Image borrowed from The Hartmann Report
Post-Coronation Greetings, Fellow Americans looking for Light!
I’ve been posting now for more than two years my thoughts and feelings about the ever-changing world around me … offered hopefully as Light Waves of comfort, inspiration, and food for thought. Being not only a thinker & a feeler who tends to think & rethink, a reader & a writer, and a seeker & a finder, but also an aging rascal with her well-worn and muddied boots on the ground & her head still in the clouds, I think I’m finally coming to understand what it is that is mine to do, having witnessed Monday’s pomp & circustance at the Capitol Rotunda.
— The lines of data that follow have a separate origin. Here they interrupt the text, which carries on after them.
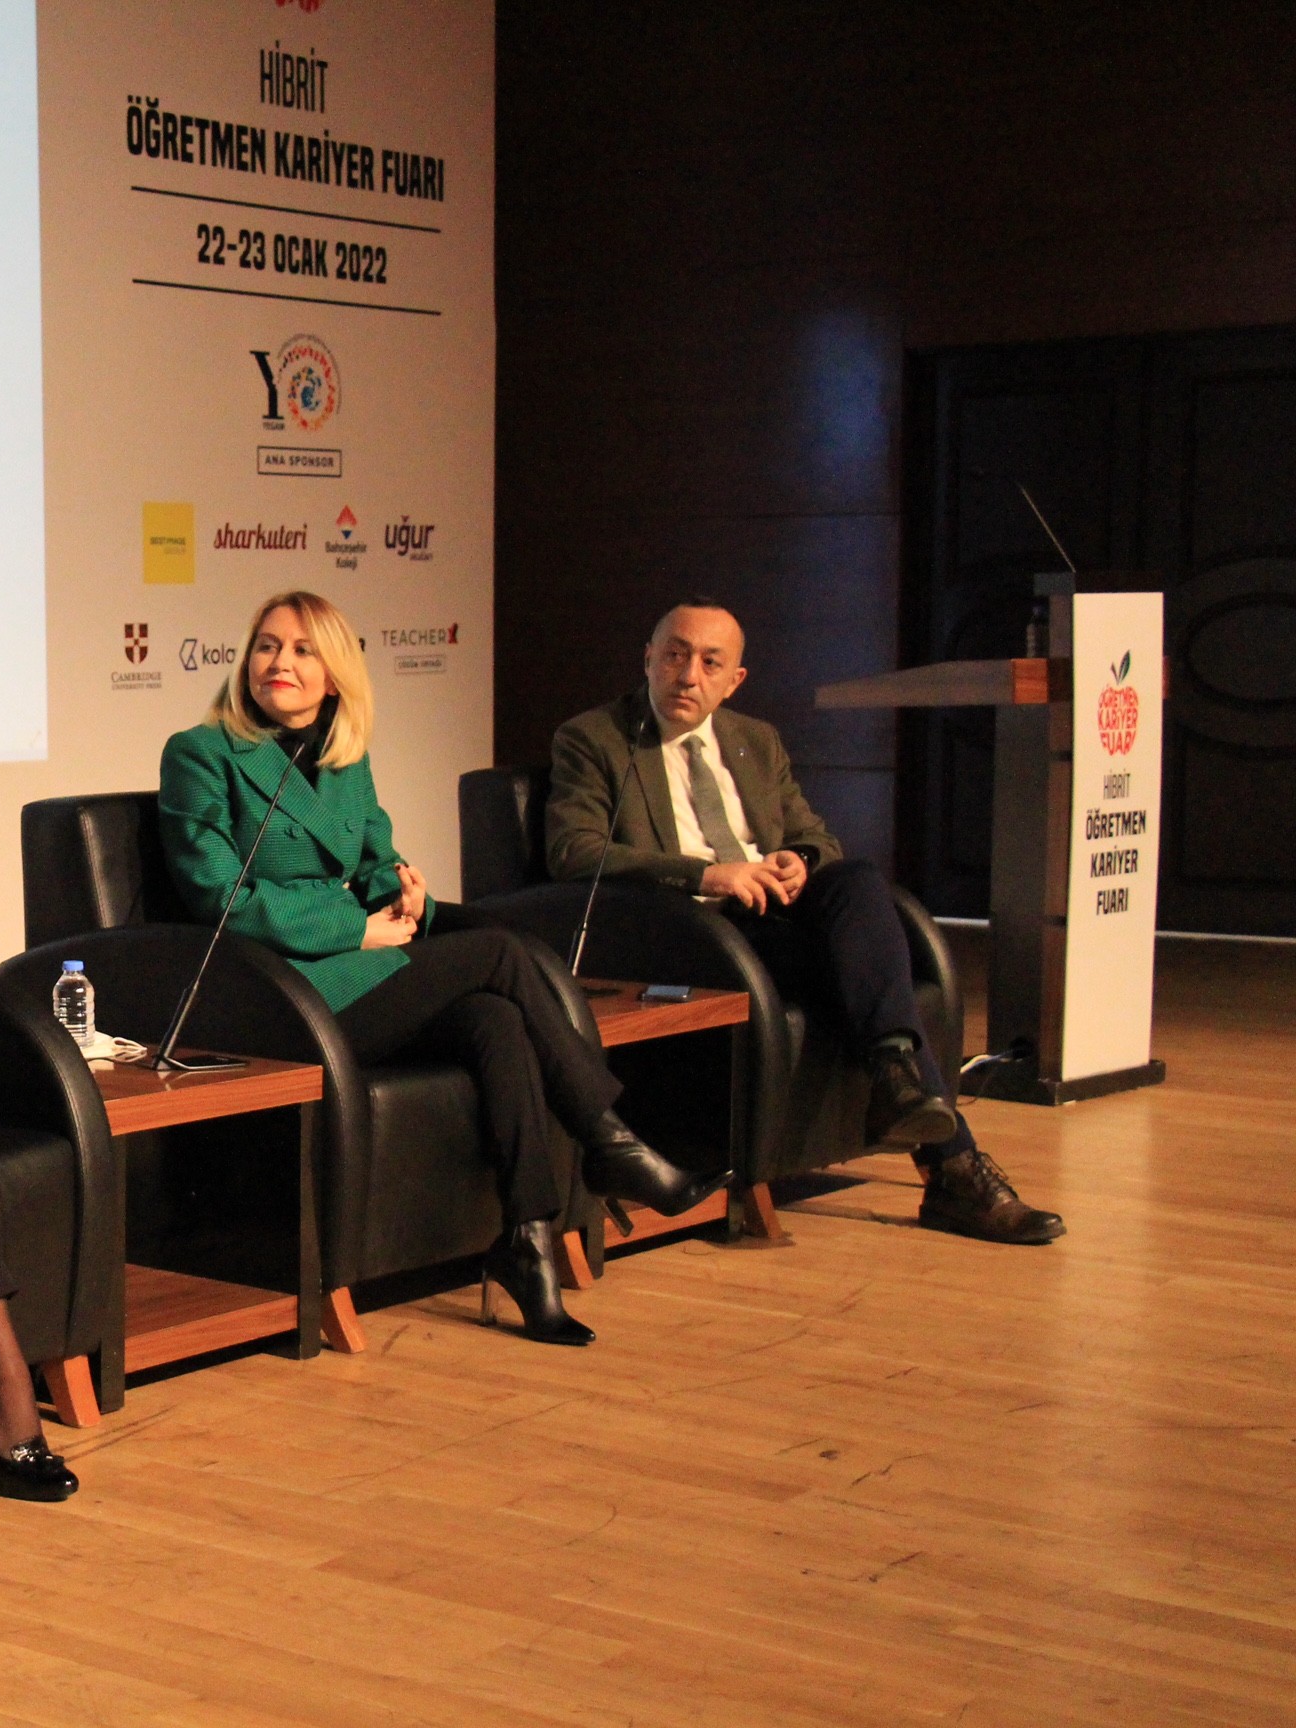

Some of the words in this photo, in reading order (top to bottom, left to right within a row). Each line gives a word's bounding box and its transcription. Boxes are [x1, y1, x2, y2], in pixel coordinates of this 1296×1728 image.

[260, 40, 328, 114] HİBRİT
[127, 94, 266, 175] ÖĞRETMEN
[274, 129, 374, 191] KARİYER
[381, 149, 444, 202] FUARI
[197, 223, 266, 271] 22-23
[273, 233, 328, 278] OCAK
[335, 242, 387, 284] 2022
[265, 455, 285, 465] ANA
[289, 456, 334, 467] SPONSOR
[213, 522, 308, 550] sharkuteri
[385, 515, 435, 556] uğur
[1086, 808, 1146, 841] ÖĞRETMEN
[1090, 845, 1138, 878] KARİYER
[1097, 888, 1129, 916] FUARI
At least for the ever-present Now.
As 2025 emerges from the shadows, it is my plan to not just continue to point my readers in the direction of those whose writing speaks to me and for me in language more eloquent and better organized than my own, but to follow up with further elaboration in ongoing posts and online conversations.
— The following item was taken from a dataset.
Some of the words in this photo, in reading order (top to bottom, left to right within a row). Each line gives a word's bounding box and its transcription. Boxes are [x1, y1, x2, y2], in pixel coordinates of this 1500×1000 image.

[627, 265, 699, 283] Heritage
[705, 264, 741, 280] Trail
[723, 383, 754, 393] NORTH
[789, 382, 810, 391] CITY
I can’t help but believe there are others like myself … inclined to read something more than once and then consider it again, so as not to react as much as to respond, perhaps with a softer edge of thoughtful kindness and care or at least with more clarity. Of course, I am well aware (having mostly learned the hard way) that my little plans don’t always work out, so I will sit back and watch to see if this idea comes to fruition. If what I’ve just said interests you and if you’d like to be part of a monthly zoom conversation, let me know in the Comments section.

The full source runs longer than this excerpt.